Microbial taxonomic composition changed over time within individuals and was linked to disease progression and fecal calprotectin levels during treatment. As expected, fecal calprotectin levels increased and microbial community diversity decreased with more severe disease.

The treatment response also relied on baseline gut microbiota composition. This is because for each initial treatment (corticosteroids or 5ASA mesalamine), different microbial shifts were observed in patients that achieved week 4 remission when compared with those with sustained disease. In particular, Haemophilus parainfluenzae levels were higher in patients with severe disease at baseline and the falling of these levels over time was linked with improved disease severity.

A pronounced increase in microbiome variability was also observed prior to colectomy, showing that known interindividual variability in the gut microbiome in IBD is even more pronounced in refractory disease.

Finally, other than microbial changes, some serological markers used in IBD diagnosis (anti-Saccharomyces cerevisiae antibody immunoglobulin A, anti-Saccharomyces cerevisiae antibody immunoglobulin G, antineutrophil cytoplasmic antibodies, anti-flagellin antibodies and anti-outer membrane porin C) correlated—they either increased or decreased—with disease progression. Besides this, the levels of some of these antibodies correlated with microbial species, suggesting a close cross-talk between the gut microbiome, the host immune system and disease progression.

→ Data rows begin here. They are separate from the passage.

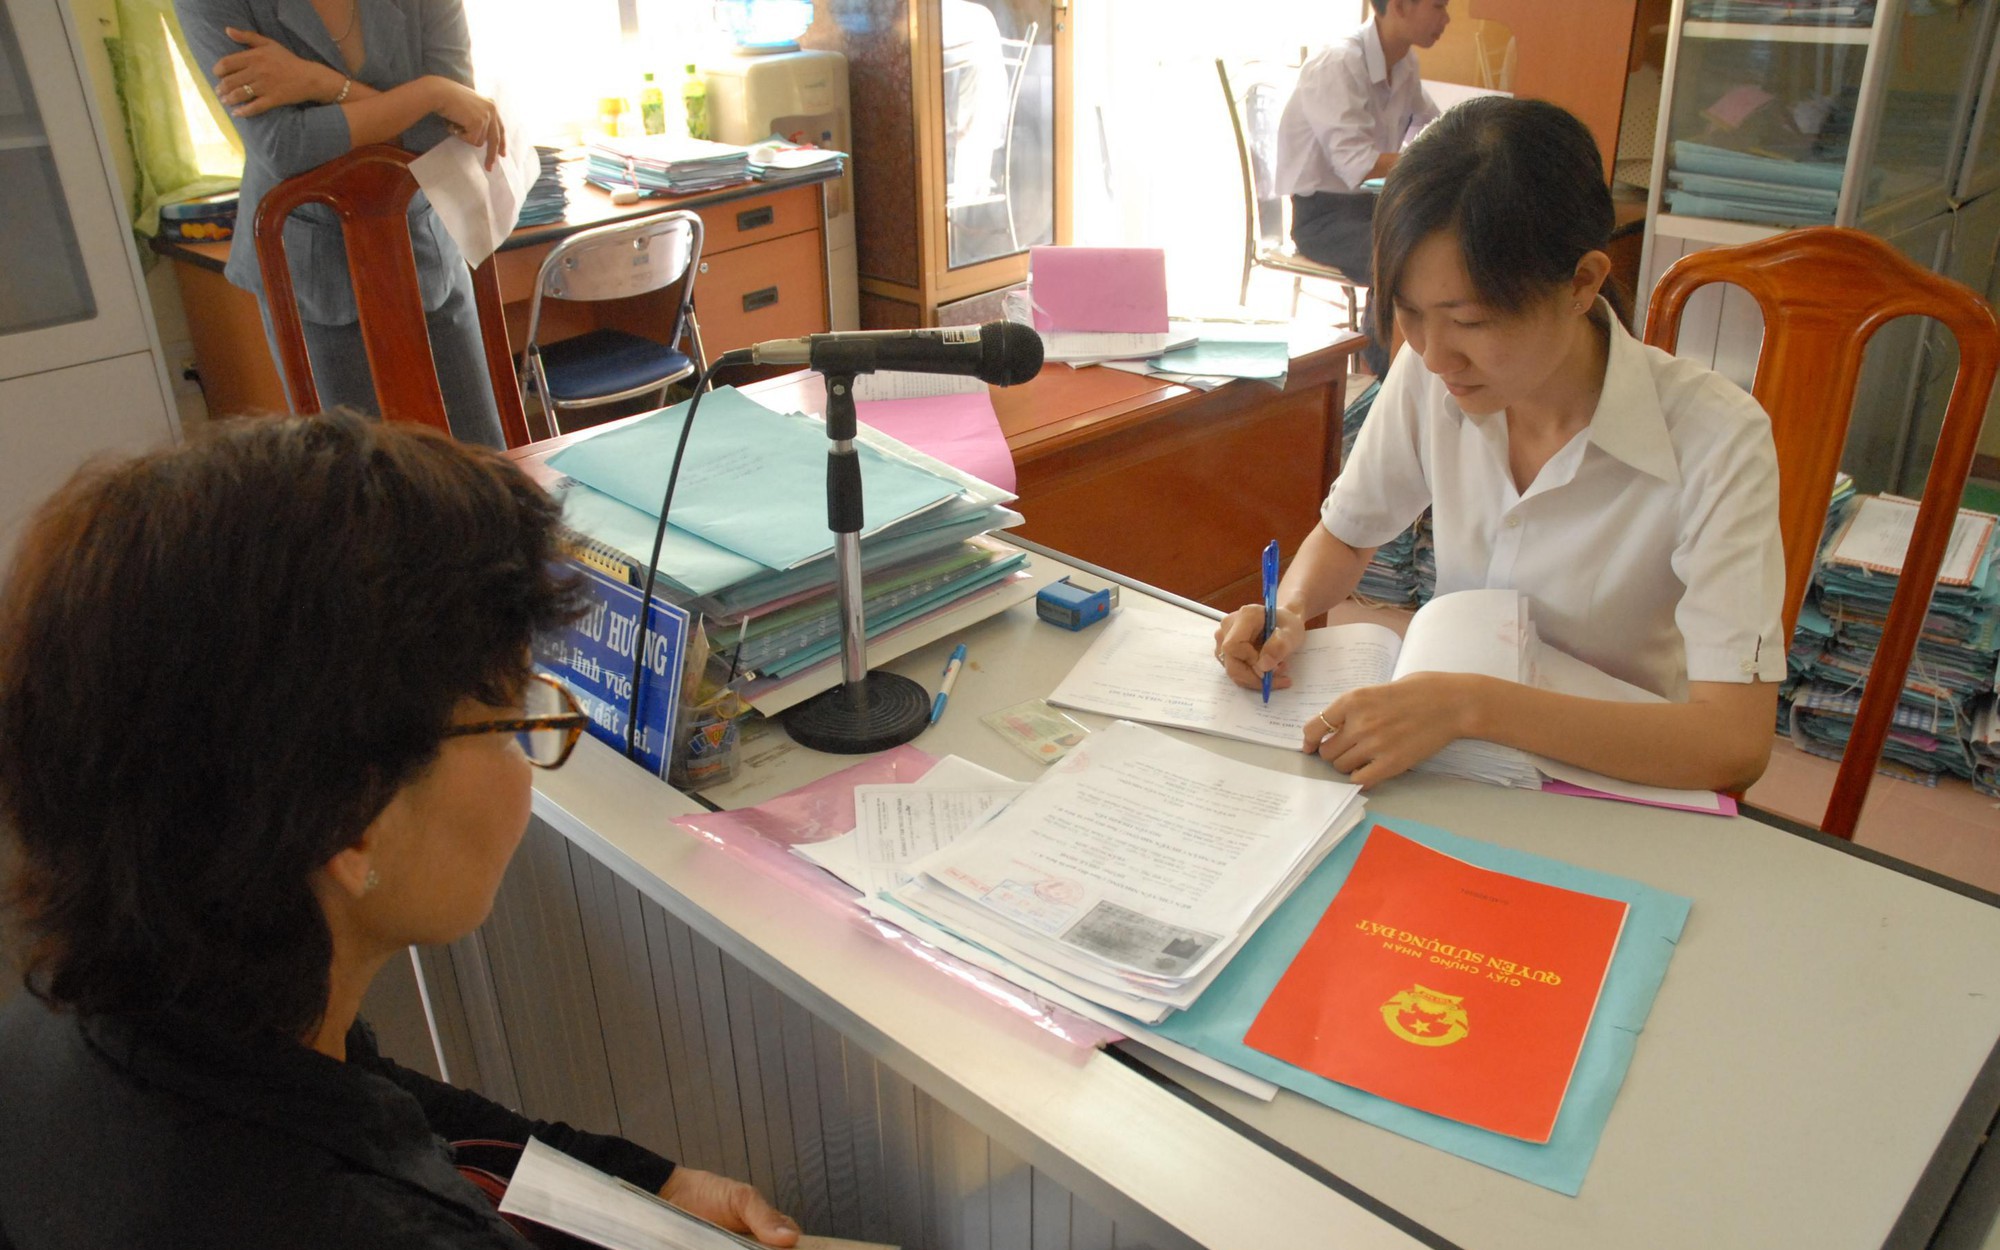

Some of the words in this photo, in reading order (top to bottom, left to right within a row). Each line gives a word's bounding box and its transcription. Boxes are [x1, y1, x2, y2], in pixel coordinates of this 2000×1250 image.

[576, 601, 608, 642] HƯ
[571, 647, 600, 683] lĩnh
[604, 670, 632, 700] vực
[594, 701, 620, 735] đất
[1355, 919, 1397, 939] ĐẤT
[1399, 931, 1458, 957] DỤNG
[1454, 948, 1485, 964] SỬ
[1430, 955, 1479, 974] CHỨNG
[1486, 957, 1562, 986] QUYỀN
[1486, 970, 1521, 987] GIẤY

On the whole, this study shows that the baseline gut microbiome in pediatric UC patients may predict disease severity, progression and even treatment efficacy at follow-up. As such, these new findings might help personalize treatments in UC patients based on gut microbiota composition.




Schirmer M, Denson L, Vlamakis H, et al. Compositional and temporal changes in the gut microbiome of pediatric ulcerative colitis patients are linked to disease course. Cell Host Microbe. 2018; 24(4):600-10. doi: 10.1016/j.chom.2018.09.009.